Fathers' Day - June 17

2 Corinthians 5:1-10 - "A Word for Christian Fathers"

You are familiar with the great Russian writer Leo Tolstoy. Tolstoy's marriage was a saga of bitterness. His wife carped and complained and clung to her grudges until he could not bear the sight of her. When they had been married almost a half a century, sometimes she would implore him to read to her the exquisite, poignant love passages that he had written about her in his diary forty-eight years previously, when they were both madly in love with each other. As he read of the happy days that were now gone forever, they both wept bitterly.

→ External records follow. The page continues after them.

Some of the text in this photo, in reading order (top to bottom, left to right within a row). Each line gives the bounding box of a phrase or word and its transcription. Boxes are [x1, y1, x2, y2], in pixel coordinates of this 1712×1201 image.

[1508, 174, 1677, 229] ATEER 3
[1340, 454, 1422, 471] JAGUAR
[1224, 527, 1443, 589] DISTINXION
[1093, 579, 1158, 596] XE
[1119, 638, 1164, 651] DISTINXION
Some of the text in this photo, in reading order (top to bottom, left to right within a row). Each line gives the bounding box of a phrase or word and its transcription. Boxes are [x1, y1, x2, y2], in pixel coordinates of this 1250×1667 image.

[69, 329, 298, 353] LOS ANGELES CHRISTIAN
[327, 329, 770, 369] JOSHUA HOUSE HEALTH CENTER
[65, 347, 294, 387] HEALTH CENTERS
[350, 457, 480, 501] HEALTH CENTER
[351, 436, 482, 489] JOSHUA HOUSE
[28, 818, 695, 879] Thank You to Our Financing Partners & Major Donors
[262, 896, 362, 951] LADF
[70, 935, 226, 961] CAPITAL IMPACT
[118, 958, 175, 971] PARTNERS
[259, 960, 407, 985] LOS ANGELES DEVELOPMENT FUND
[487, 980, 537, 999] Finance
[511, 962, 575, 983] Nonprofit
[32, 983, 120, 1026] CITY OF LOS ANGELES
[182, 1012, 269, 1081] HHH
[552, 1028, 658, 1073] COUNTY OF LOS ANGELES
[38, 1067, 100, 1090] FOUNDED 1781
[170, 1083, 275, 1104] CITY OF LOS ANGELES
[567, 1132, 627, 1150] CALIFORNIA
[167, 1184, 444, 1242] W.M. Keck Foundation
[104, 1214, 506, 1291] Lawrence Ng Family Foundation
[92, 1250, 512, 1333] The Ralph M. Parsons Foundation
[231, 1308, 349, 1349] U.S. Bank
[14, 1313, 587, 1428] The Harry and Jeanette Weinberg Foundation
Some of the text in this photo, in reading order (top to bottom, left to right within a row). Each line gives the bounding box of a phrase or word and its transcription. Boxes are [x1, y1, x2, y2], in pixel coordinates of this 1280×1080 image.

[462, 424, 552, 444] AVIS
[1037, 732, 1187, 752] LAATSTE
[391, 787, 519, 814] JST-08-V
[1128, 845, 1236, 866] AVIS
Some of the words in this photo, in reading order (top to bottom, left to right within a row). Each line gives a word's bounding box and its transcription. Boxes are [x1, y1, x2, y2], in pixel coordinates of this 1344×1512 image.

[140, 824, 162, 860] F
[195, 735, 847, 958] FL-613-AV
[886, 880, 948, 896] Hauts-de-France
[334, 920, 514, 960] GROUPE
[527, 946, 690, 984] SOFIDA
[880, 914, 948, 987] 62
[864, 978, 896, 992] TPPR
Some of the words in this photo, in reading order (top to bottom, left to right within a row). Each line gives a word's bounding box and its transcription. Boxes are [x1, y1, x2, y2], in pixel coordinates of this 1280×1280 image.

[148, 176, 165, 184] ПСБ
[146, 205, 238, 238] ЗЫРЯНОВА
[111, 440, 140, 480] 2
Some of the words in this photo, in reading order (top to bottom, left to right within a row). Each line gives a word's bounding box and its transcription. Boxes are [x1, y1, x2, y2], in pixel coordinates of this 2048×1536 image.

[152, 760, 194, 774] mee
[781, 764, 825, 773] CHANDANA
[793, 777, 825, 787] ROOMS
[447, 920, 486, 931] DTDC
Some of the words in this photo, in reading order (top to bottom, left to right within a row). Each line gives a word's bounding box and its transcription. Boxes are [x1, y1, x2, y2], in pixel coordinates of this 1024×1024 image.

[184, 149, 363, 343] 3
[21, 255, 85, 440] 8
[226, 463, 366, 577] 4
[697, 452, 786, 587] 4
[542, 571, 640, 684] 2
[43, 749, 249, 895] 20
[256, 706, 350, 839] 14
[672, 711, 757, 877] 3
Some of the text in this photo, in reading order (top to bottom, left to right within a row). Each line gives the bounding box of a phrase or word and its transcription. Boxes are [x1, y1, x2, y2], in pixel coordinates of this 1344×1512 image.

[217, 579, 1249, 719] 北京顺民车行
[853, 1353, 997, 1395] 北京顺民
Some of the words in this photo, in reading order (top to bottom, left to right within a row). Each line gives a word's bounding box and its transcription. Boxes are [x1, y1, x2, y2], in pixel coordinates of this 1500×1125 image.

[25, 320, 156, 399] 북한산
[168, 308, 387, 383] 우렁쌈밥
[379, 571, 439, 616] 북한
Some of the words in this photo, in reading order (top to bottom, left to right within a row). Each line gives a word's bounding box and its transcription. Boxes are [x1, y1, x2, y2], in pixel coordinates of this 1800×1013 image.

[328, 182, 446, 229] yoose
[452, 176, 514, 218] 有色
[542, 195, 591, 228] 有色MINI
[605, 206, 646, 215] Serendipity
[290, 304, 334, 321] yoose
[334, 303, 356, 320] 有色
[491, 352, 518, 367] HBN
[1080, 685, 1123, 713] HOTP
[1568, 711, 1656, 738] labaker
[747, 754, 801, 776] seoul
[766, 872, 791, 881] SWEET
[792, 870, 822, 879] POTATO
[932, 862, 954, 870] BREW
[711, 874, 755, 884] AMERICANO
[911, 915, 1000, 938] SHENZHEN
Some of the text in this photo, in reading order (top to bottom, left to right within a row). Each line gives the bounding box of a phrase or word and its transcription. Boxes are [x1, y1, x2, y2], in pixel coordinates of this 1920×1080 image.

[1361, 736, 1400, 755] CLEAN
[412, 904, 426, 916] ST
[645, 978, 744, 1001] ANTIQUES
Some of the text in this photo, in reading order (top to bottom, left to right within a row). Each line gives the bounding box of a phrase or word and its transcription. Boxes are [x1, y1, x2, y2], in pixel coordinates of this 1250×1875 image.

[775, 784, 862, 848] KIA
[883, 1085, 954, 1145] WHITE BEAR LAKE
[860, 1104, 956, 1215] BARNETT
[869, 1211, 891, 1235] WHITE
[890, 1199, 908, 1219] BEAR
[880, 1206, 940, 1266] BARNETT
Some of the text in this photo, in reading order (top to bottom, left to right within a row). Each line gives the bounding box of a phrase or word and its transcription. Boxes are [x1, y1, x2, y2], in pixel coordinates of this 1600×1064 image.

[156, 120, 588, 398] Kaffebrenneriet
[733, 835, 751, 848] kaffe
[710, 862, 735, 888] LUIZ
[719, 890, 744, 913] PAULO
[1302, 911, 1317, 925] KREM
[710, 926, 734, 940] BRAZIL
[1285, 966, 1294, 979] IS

Is there anything sadder than to look back over a lifetime of neglected opportunities--wasted years when love could and should have been nurtured--and regret that you "blew it?" Some of you know what I am talking about.

This is Father's Day. Dads don't get the respect that they used to. Remember "Father Knows Best"? For many fathers, those were the good old days. A few years ago, a college professor conducted a careful, two year study that asked children aged four to six: "Which do you like better, TV or Daddy?"

Forty-six percent of the youngsters indicated that they preferred television...


 Truths for Dads

Especially for Father's Day, here is a short list of things that I believe to be true for dads:

That the best way to love our children is to love and respect their mother,

That the best gift we can give our children is a sense of safety and security as they grow up.

I believe that it's more important to give them our time, not our money, it's more important to be respected by them than to be liked by them, it's more important to encourage them in their interests than to require them to share our interests. That means, dads, that if you were a fullback but your son loves the violin, you better learn to love the violin!

And I believe that our responsibility reaches beyond caring for our own children, and Jesus expects us to care for all children, everywhere.

It was Dietrich Bonhoeffer who said "The true test of a society is how it cares for its children." Taken to its logical extension, it means that we cannot just be proud that OUR kids received a great education when other children receive a poor education. We cannot be satisfied that our children get fully nutritious meals when some children go to be hungry at night. We can be proud that our child has a spacious bedroom, but shouldn't we also be concerned that 4400 children are homeless in our state alone?

Steven Molin, Yup, Them are Mustard Seeds

Nourishing Seeds

When I was a child, life was not easy. My dad worked two jobs to try and support my mom and me so that we could buy a home, have nice clothes and enough to eat. He wasn't home very much, and when he was home he was usually sleeping because he was so tired. I never really got to spend any time with my dad until I was grown up.

My mom worked hard, too. She didn't have a job but she was always busy cleaning and cooking, and when I was six years old my mother had a baby and another arrived thirteen months later. Then she was incredibly busy and didn't have much time left over for me. I felt pretty lonely.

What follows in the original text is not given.